Fig. 2.

Possible pathways to androgen independence and the involvement of ANG. Left panel, androgen-independent but AR-dependent pathways. (a) In the hypersensitive pathway, more AR is produced, or AR has enhanced sensitivity, or more testosterone is converted to the more potent DHT. (b) In the promiscuous pathway, the specificity of AR is broadened so that it can be activated by non-androgen molecules. (c) In the outlaw pathway, receptor tyrosine kinases (RTK) are activated and AR is phosphorylated by AKT or MAPK, producing a ligand-independent AR activation. Right panel, (d) Bypass pathway and the proposed role of ANG. IGF and other growth factors, or PTEN deficiency activate PI3K-AKT-mTOR pathway to enhance ribosomal protein production but it is unclear how rRNA is proportionally increased.
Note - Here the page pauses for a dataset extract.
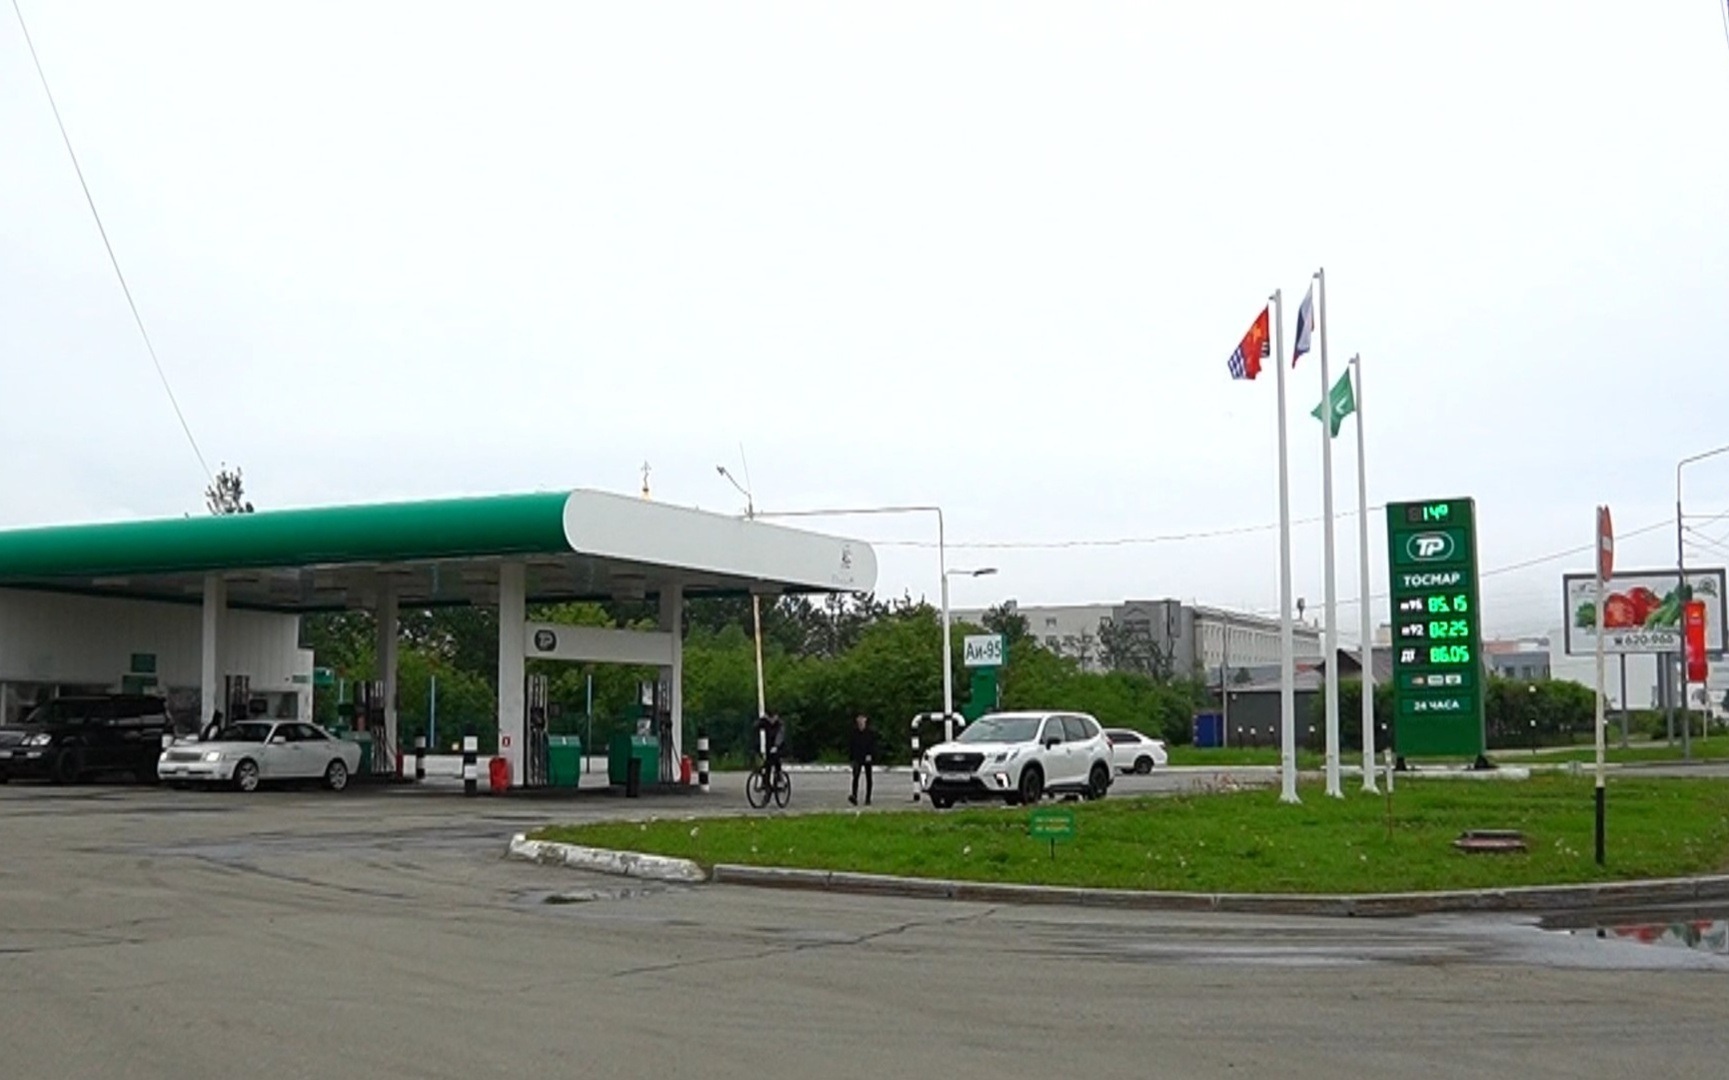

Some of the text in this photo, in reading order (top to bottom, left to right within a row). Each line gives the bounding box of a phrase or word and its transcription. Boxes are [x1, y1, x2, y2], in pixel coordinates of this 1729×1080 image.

ANG is known to be constitutively translocated to the nucleus of androgen-independent prostate cancer cells where it enhances rRNA transcription. Recent work has shown that upregulation of ANG and constitutive nuclear translocation in prostate cancer cells, especially in androgen-independent cells, result in an adequate supply of rRNA that is normally controlled by androgen-AR axis, thus enabling the cells to grow in the absence of androgens and AR.